Extracted data entries
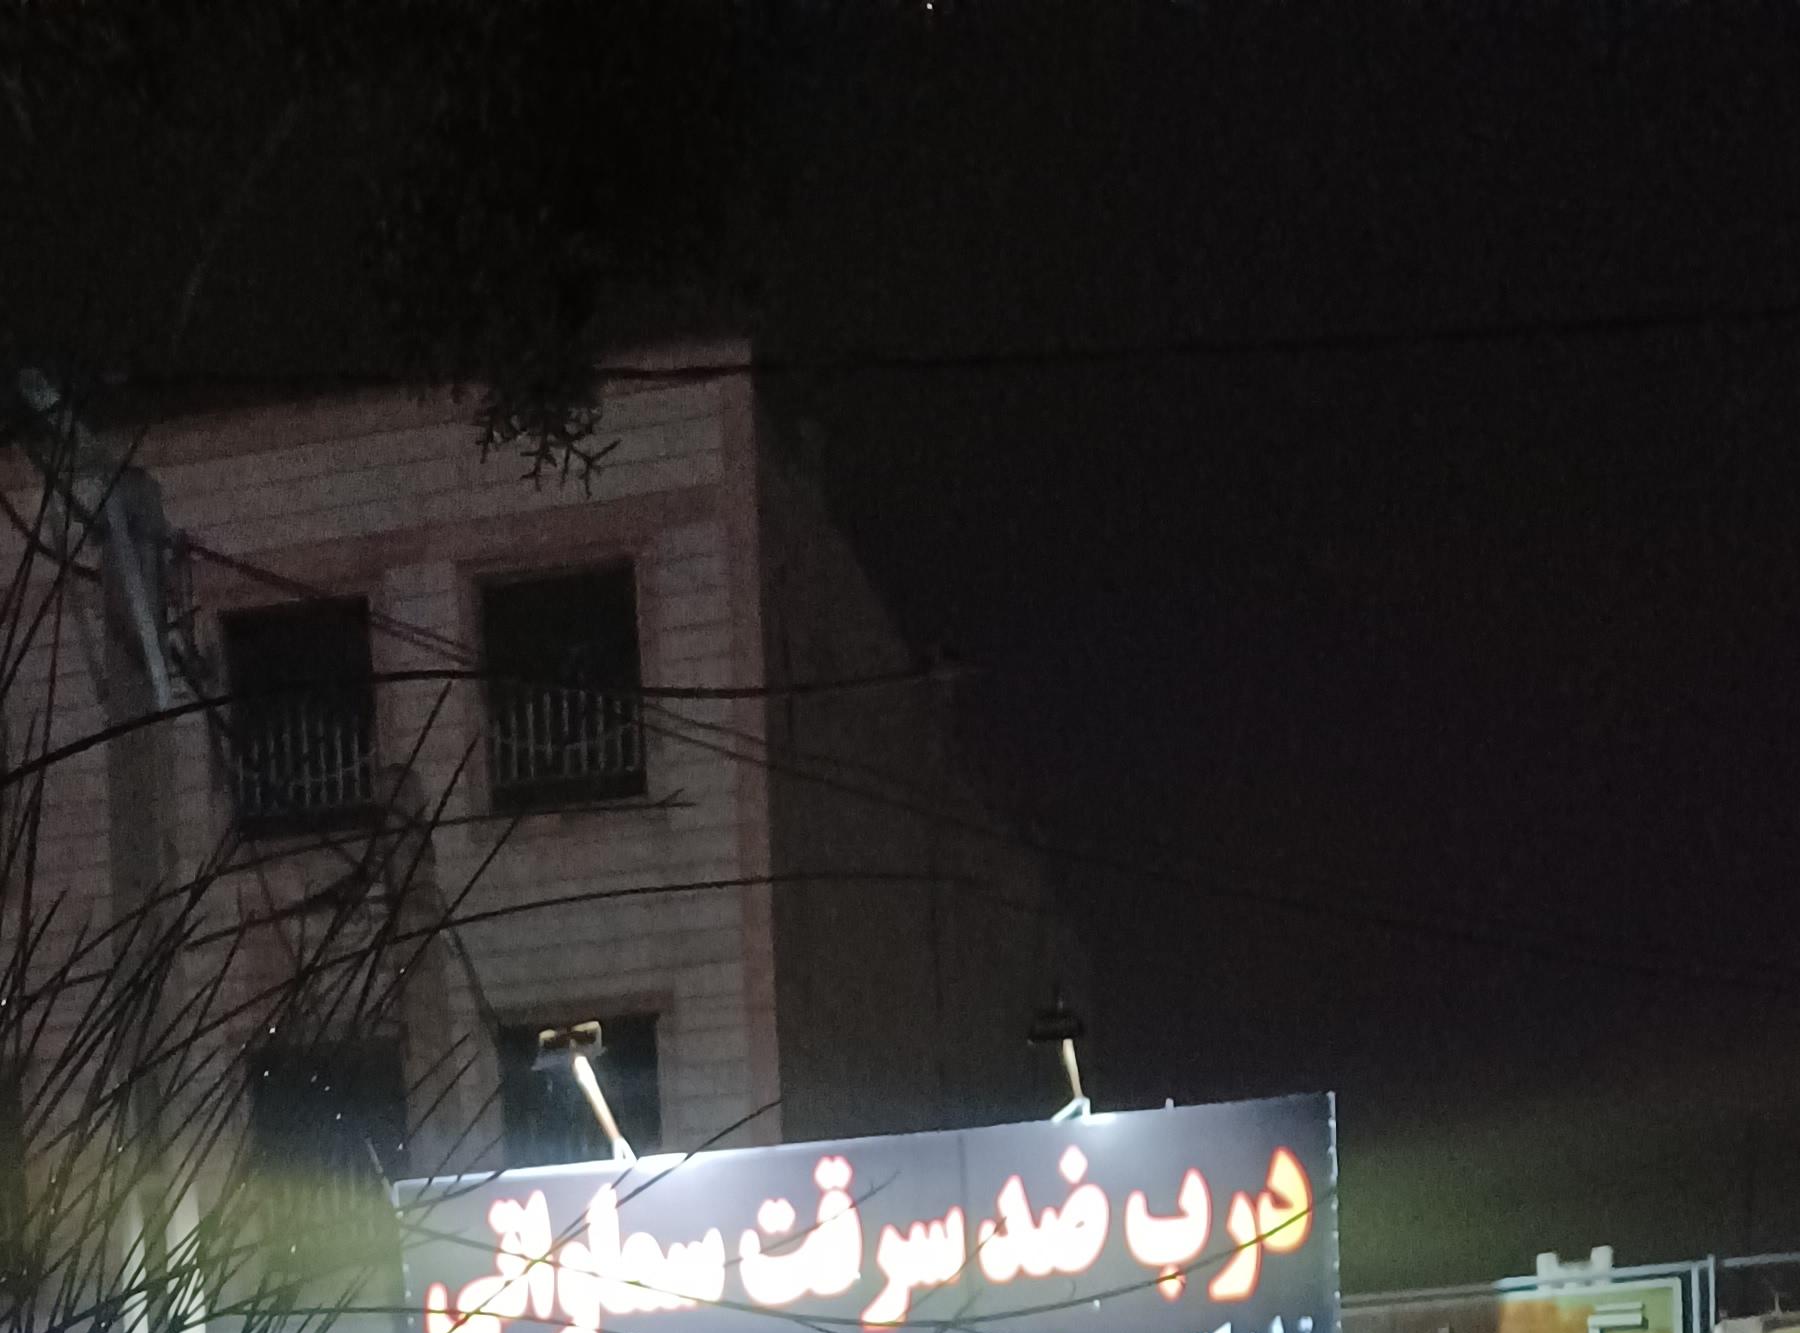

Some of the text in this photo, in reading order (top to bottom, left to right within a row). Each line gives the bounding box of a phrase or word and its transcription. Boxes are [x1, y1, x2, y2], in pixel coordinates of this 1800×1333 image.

[738, 1155, 967, 1333] سرقت
[977, 1144, 1110, 1283] ضد
[1123, 1145, 1312, 1302] درب
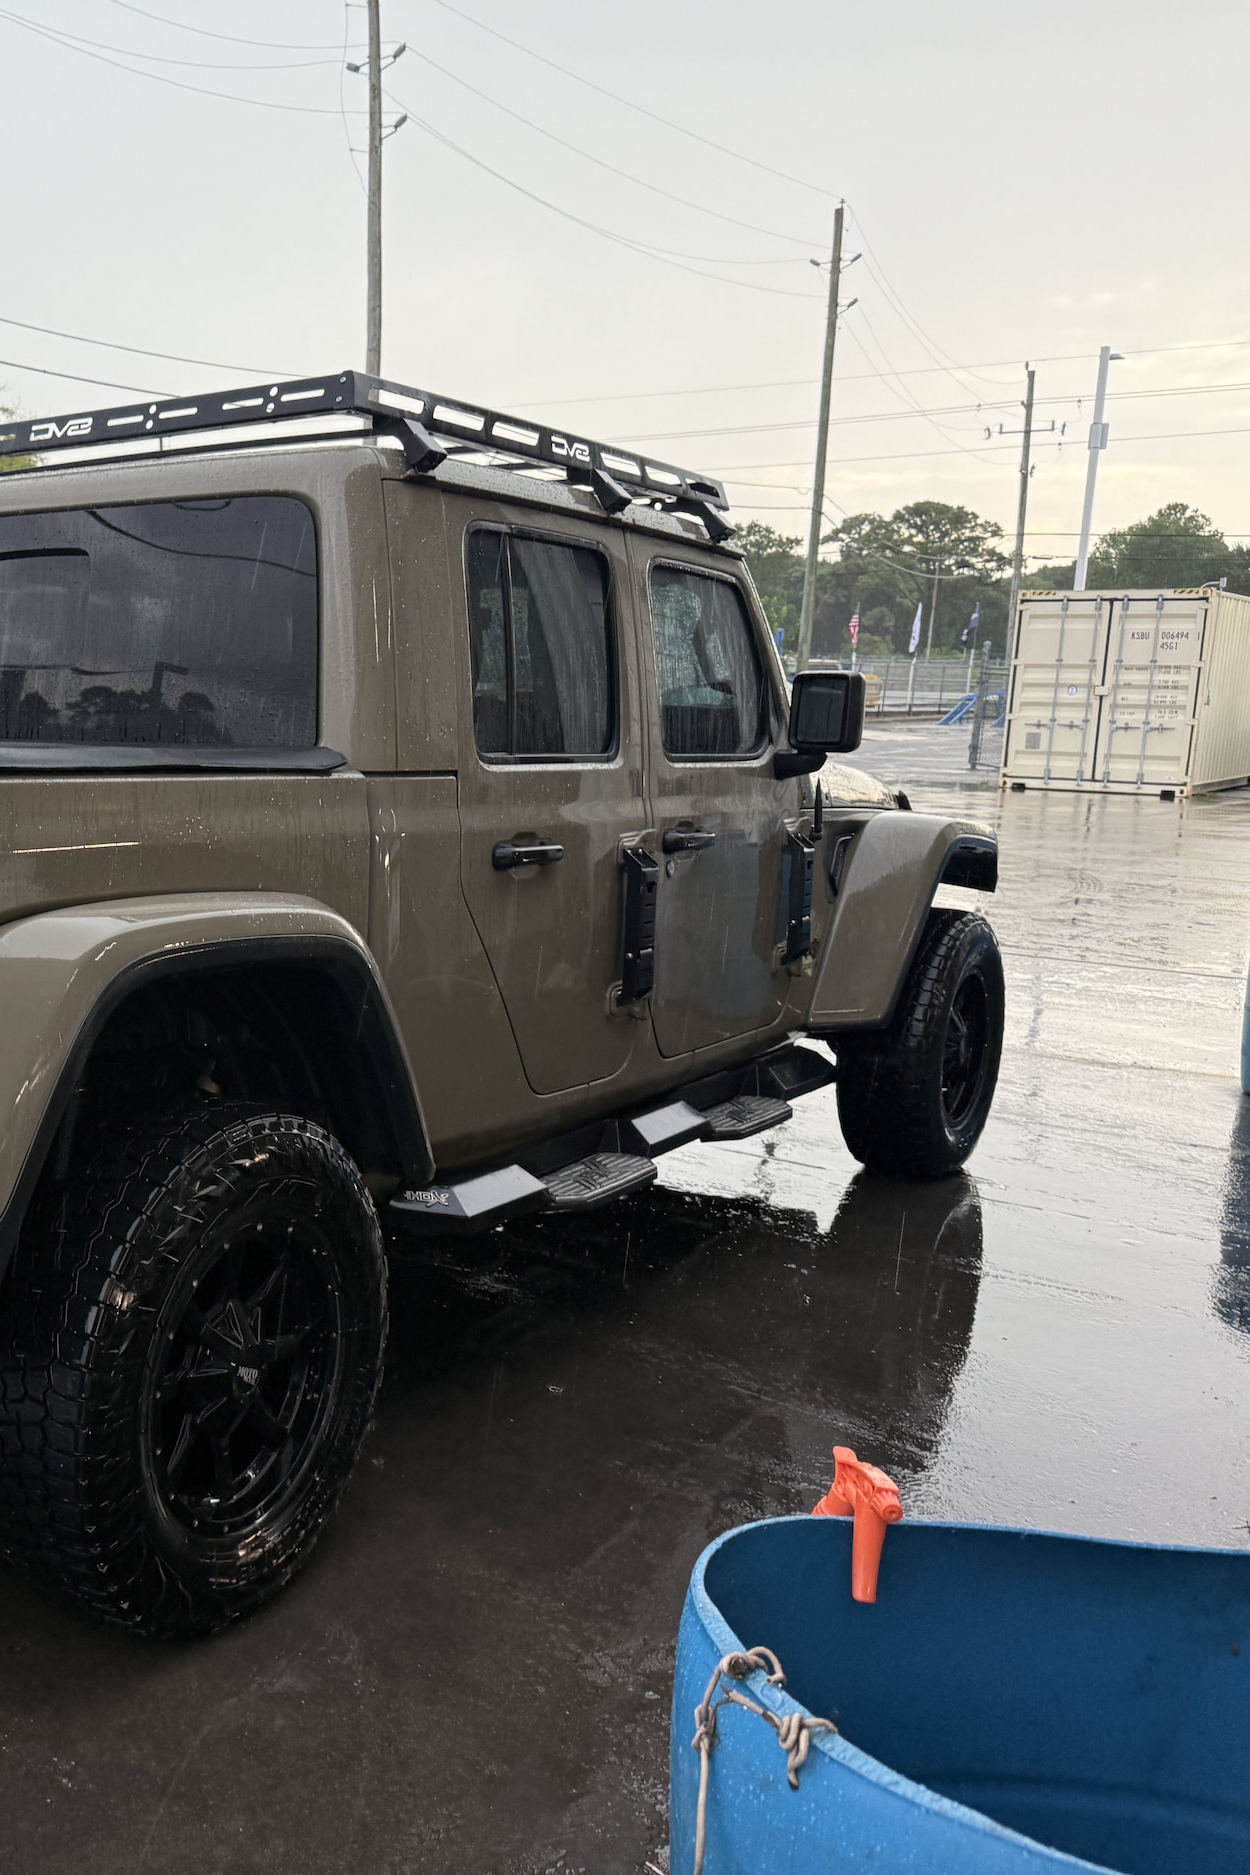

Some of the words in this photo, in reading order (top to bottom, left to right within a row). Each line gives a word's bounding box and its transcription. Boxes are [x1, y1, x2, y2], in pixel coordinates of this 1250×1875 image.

[29, 417, 93, 441] DV8
[551, 435, 590, 462] DV8
[1131, 632, 1150, 640] KSBU
[1161, 632, 1189, 640] 006494
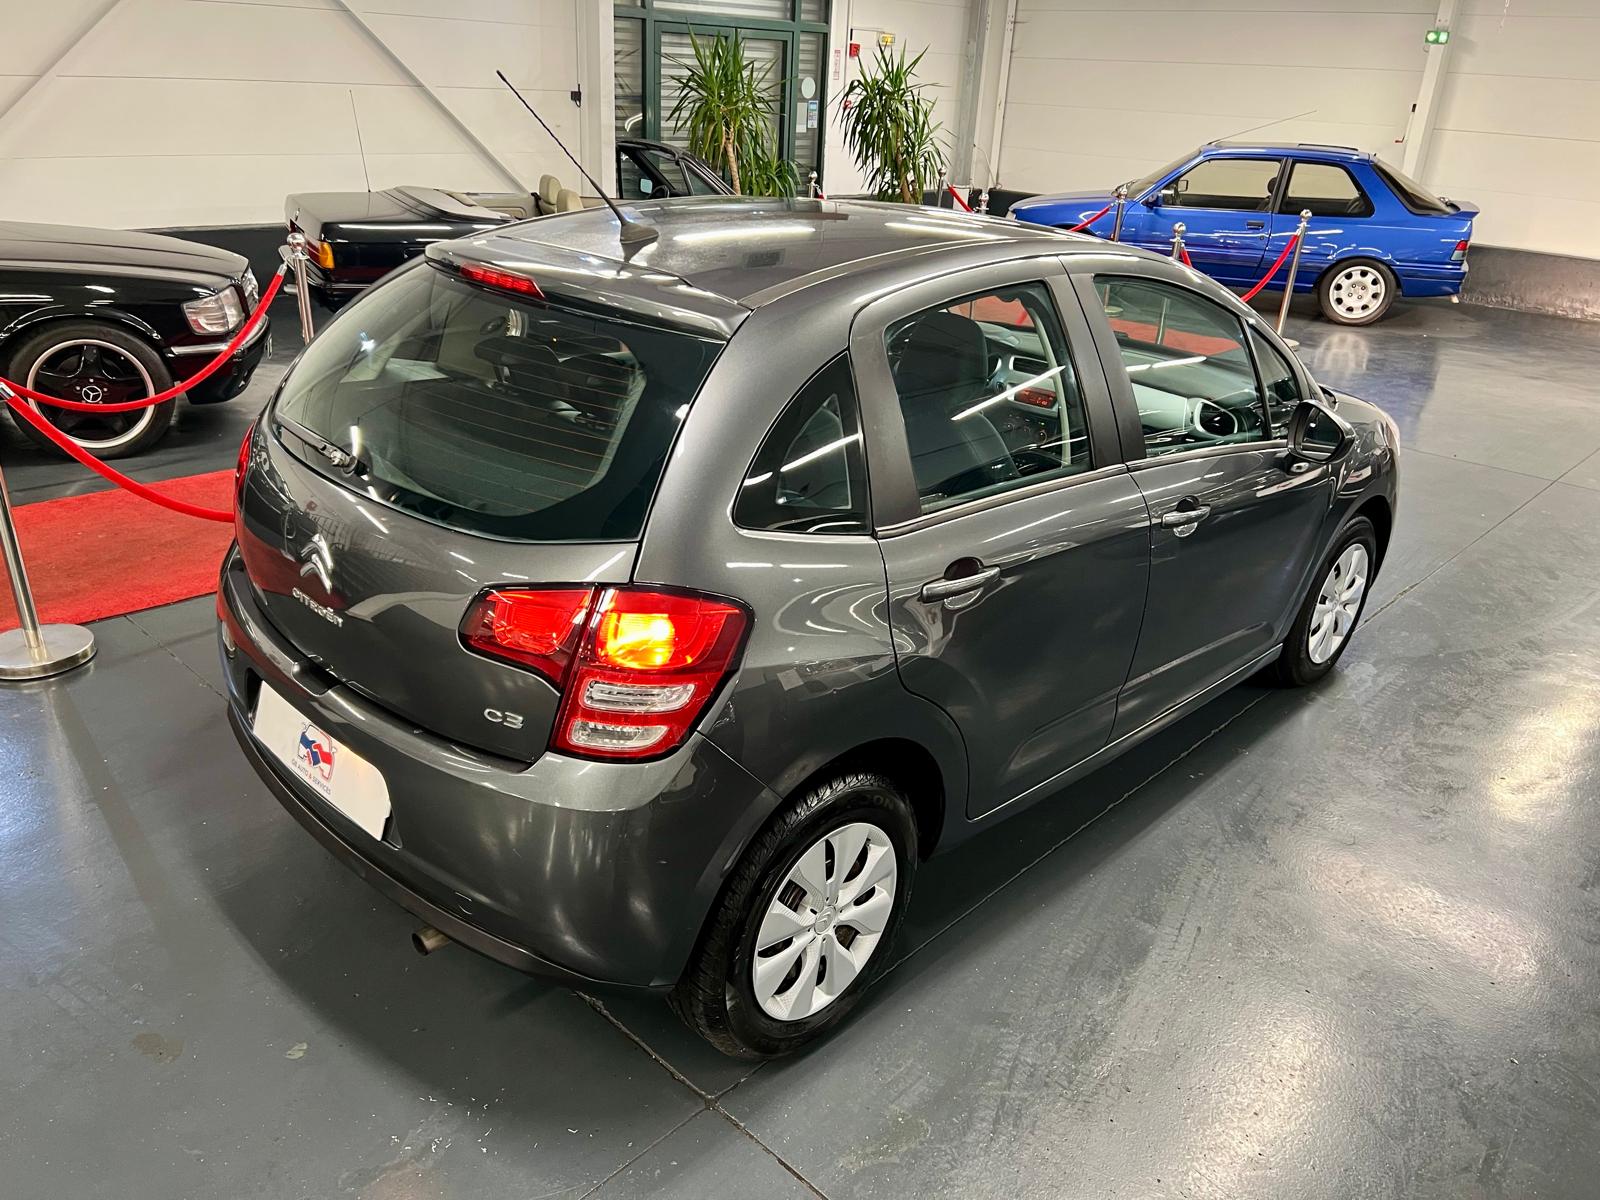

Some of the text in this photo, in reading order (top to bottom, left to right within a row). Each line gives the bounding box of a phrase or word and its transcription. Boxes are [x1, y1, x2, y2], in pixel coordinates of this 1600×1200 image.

[484, 708, 523, 729] C3
[298, 763, 309, 777] AUTO
[312, 776, 332, 796] SERVICES

The task: Could you copy exactly the line containing "this 1600×1200 image." and each line after it through the end of the records, and nothing else?

Solution for this task:
Some of the text in this photo, in reading order (top to bottom, left to right within a row). Each line gives the bounding box of a phrase or word and its transcription. Boxes are [x1, y1, x2, y2], in pixel coordinates of this 1600×1200 image.

[484, 708, 523, 729] C3
[298, 763, 309, 777] AUTO
[312, 776, 332, 796] SERVICES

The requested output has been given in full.